Our mission is to make a wide spectrum of data about humans accessible to increase biological literacy and improve human health. PersonalGenomes.org is a nonprofit organization working to generate, aggregate and interpret human biological and trait data on an unprecedented scale using open-source, open-access and open-consent frameworks. Our efforts are informed by values encouraging greater transparency and collaboration between researchers and participants.
We believe obtaining a personal genome sequence is an activity that soon will be shared by millions of individuals around the world. To improve our understanding of how human traits are formed through the interactions between genomes and their environments, a much more holistic picture of the human experience is needed. The ideal scientific resource would be to create a collection of many human genomes that remain connected to their owners who contribute additional information over their lifetime, such as longitudinal health status, medical and social history, environmental exposures, nutrition, lifestyle, physical measurements, blood chemistry, presence or absence of microbes and viruses, and many other kinds of data.
Even if a person’s name, home address or facial photograph is specifically excluded, a dataset like the one we are building is far from anonymous. It is simply too easy for someone to connect the dots and reveal a person’s identity. Moreover, data breaches are not uncommon even in the most highly regulated arenas like national intelligence where secrets are heavily guarded with extensive security clearance protocols and background checks. We think it is very important to be honest about how difficult it is to simultaneously share and protect data.
Sharing data is critical for enabling discovery. Assembling under one roof a research team with the requisite expertise to generate, aggregate and interpret this dream dataset is unrealistic. Expertise is too diffuse. Major contributions might come from unconventional actors residing in far flung corners of the globe. Einstein started off as a patent clerk after all. Citizen scientists, hobbyists, amateurs and the participants themselves will undoubtedly make significant contributions.
We feel the most ethical and practical solution to this dilemma is to turn the privacy problem on its head and collaborate with individuals who are willing to share their data publicly with the understanding that re-identification is possible.

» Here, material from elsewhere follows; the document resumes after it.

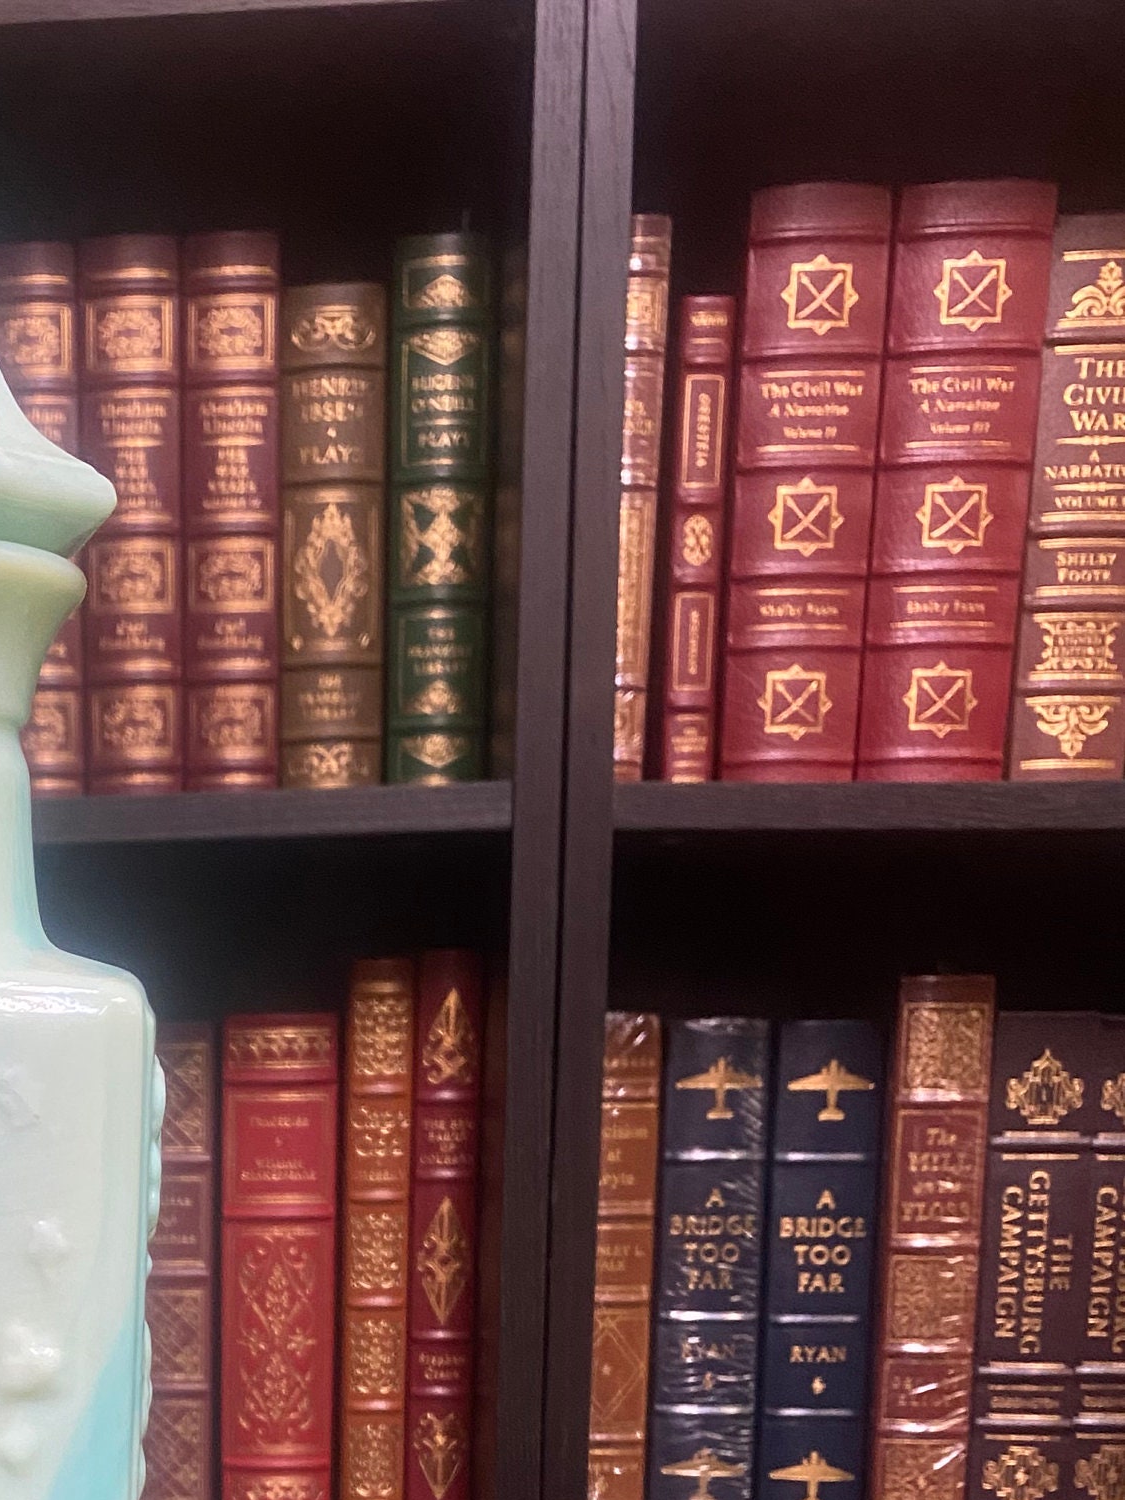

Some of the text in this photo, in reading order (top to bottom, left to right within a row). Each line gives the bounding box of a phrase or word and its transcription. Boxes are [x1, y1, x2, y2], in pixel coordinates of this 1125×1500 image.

We also will reduce potential misunderstandings by requiring prospective participants to demonstrate that they comprehend the public, non-anonymous nature of this endeavor as part of our unique consent process.
We will grow this exceptional public resource by seeding a cohort of well-consented individuals with extensive genomic data and then invite a network of researchers to recruit from this cohort for additional phenotyping and molecular profiling, under the condition that they return computable datasets to the research participants. These participants, in turn, may donate their data to the public domain for others to use, thereby reinforcing the virtuous circle of sharing.
We will encourage widespread use of this public data resource as a platform for scientific research, education, improvement of the public health, public- and private-sector innovation, benchmarking and standardization, and personal exploration.